Hana memandangi penjual sate yang sibuk mengipasi bara api agar tetap menyala. Aroma sate yang singgah ke hidungnya membawa angannya melayang membayangkan rasa daging sate dengan bumbu yang lezat itu di lidahnya. Lalu dengan satu gigitan, daging sate yang lembut akan menjelajah mulutnya. Dikunyah hingga benar-benar halus untuk kemudian meluncur masuk ke dalam kerongkongan. Pasti akan lebih nikmat lagi bila disambung dengan lontong sebagai teman sate itu. Lontongnya dipotong kecil-kecil. Disiram bumbu sate madura yang manis gurih. Lalu minta ditambah kecap cap Bango yang terkenal itu. Wuih, enak. Tanpa sadar jakun Hana turun naik.

“Kak Hana, dipanggil Ibu,” suara Sara menyadarkan Hana dari lamunannya.

“Iya,” jawab Hana seraya beranjak pelan dari tempatnya. Sara memperhatikan kakaknya masuk ke dalam warung. Sambil memeluk sebuah boneka teddy yang sudah lusuh, Sara melayangkan pandangannya ke tempat penjual sate. Penjual sate madura yang mangkal di depan warung nasi tempat ibu mereka bekerja sebagai buruh pencuci piring. Kemudian Sara masuk ke arah Hana menghilang tadi.

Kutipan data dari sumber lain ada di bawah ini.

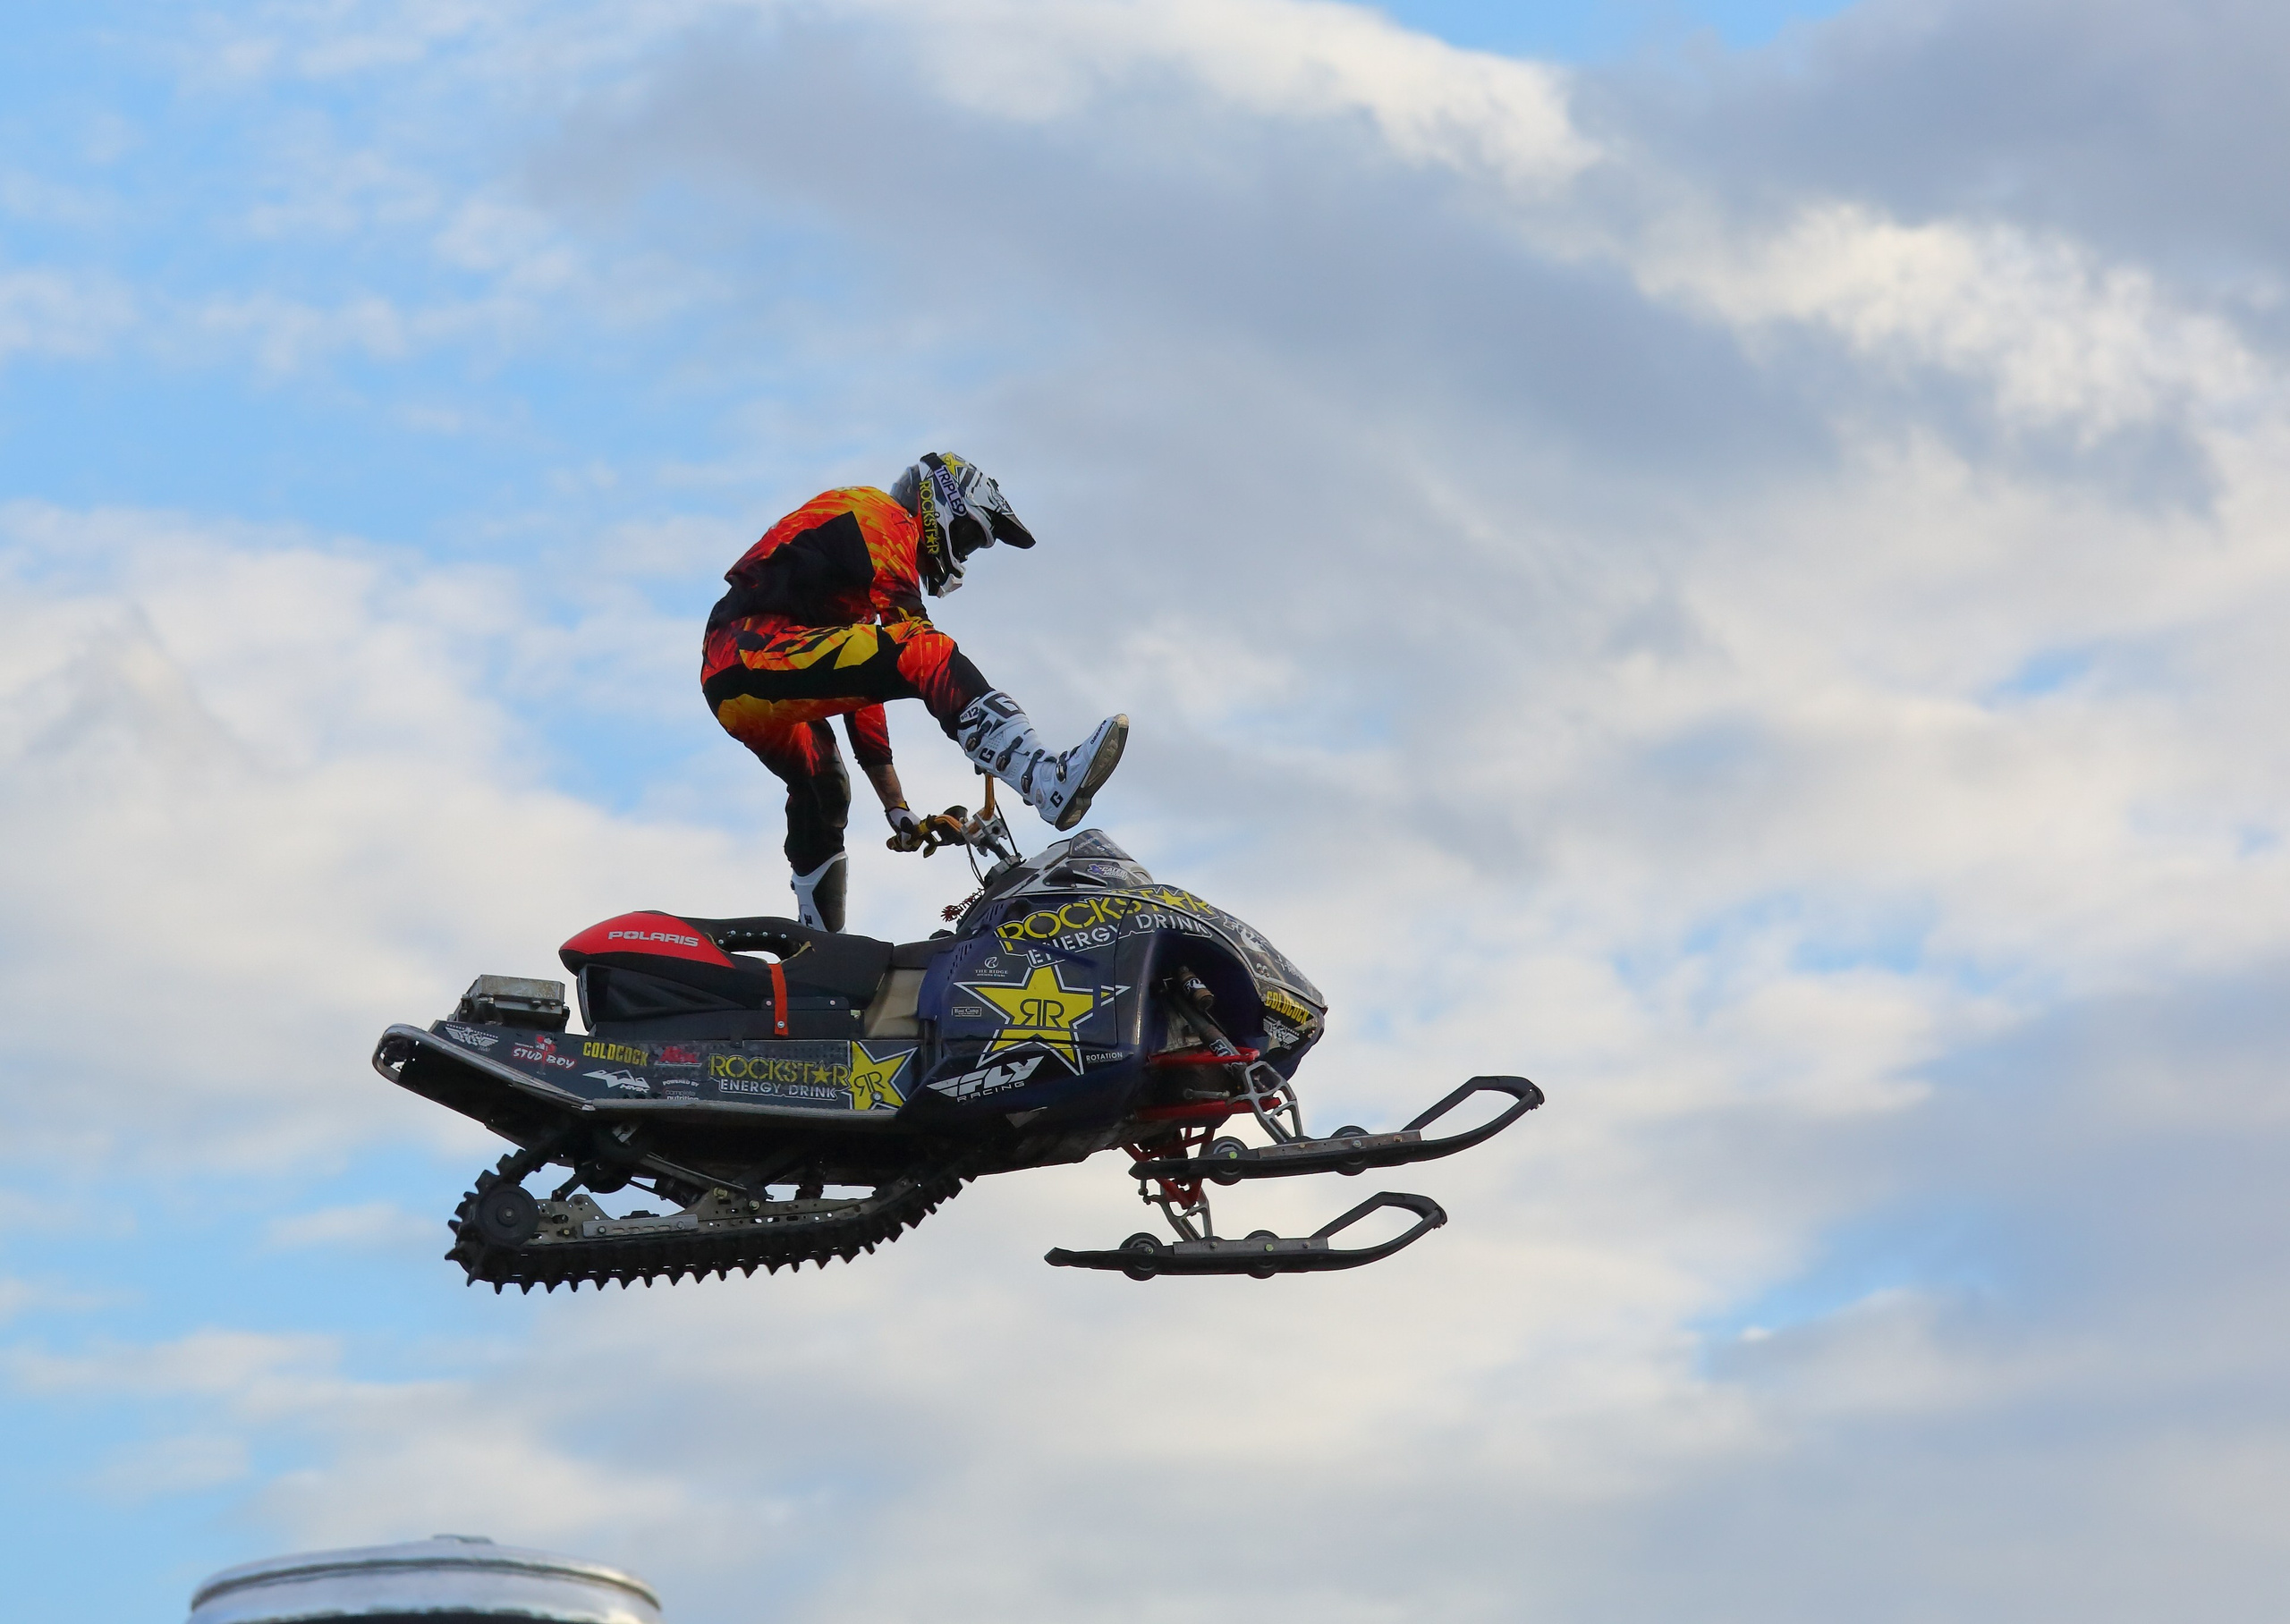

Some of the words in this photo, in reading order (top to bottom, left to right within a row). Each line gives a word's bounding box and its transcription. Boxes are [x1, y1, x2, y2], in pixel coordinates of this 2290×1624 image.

[937, 466, 967, 516] TRIPLE9
[1135, 913, 1209, 935] DRINK
[608, 931, 699, 947] POLARIS
[1266, 991, 1309, 1026] COLDCOCK
[513, 1048, 542, 1061] STUD
[546, 1055, 575, 1069] BOY
[583, 1042, 649, 1067] COLDCOCK
[1086, 1052, 1123, 1062] ROTATION
[954, 1056, 1044, 1096] FLY
[720, 1078, 781, 1094] ENERGY
[789, 1084, 837, 1099] DRINK
[956, 1081, 1025, 1102] RACING

Ibu masih sibuk dengan piring-piring dan alat-alat makan lain yang berserakan di tempat pencucian. Tangan ibu bergerak dengan lincah tetapi tetap hati-hati membersihkan piring-piring itu satu per satu. Hana mendekat sambil membawa sehalai serbet untuk membantu ibu mengeringkan peralatan makan yang sudah dicuci oleh ibu.

“Tidak usah, Hana. Kamu baca saja surat dari Om Didik. Suratnya baru sampai tadi siang. Ada di tas ibu. Tadi ibu lupa memberitahumu,” ujar ibu.

“Dari Om Didik, Bu?” Tanya Hana dengan mata berbinar.

“Iya,” jawab ibunya. Cepat-cepat Hana mengambil tas ibu. Dari dalam tas biru yang sudah lusuh Hana mengeluarkan sehelai surat bersampul putih. Dibukanya sampul surat dengan hati-hati lalu mulai membaca.

“Baca yang keras, Kak,” Sara yang sudah duduk di dekat Hana buka suara.

“Kakak baca dulu, nanti baru kakak ceritakan isinya pada Sara dan Ibu, ya,” jawab Hana membujuk adiknya. Sara diam saja. Dia tetap duduk di dekat Hana dan memperhatikan Hana membaca surat dari Om Didik.

Wajah Hana terlihat serius ketika membaca surat itu. Sebentar-sebentar dahinya berkerut, lalu tersenyum sendiri. Tak lama kemudian kedua matanya bersinar. Setelah seluruh isi surat selesai dibacanya, tiba-tiba dia memeluk ibu.

“Eh, eh, ada apa ini?” ibu yang sedang menyusun alat-alat makan di rak piring jadi terkejut.

“Om Didik dapat cuti akhir tahun, Bu. Kata Om Didik, dia akan pulang ke rumah kita selama cuti,” kata Hana sambil berjingkrak kegirangan.

“Om Didik mau datang Kak Hana?” tanya Sara yang sedari tadi hanya bengong melihat kakaknya.

“Iya. Om Didik akan pulang pada liburan nanti,” jawab Hana.

“Hore, Om Didik mau datang!” Sara bersorak kesenangan. Sambil menimang boneka teddy-nya, Sara berlari-lari sekeliling ruangan.

“Sudah Sara, nanti kamu jatuh,” ujar ibu mengingatkan. Sara tidak peduli malah berlari ke halaman belakang. Ibu hanya menggeleng-gelengkan kepala melihat tingkah Sara.

“Kapan Om-mu akan datang, Hana?” tanya ibu setelah Sara tidak lagi terlihat.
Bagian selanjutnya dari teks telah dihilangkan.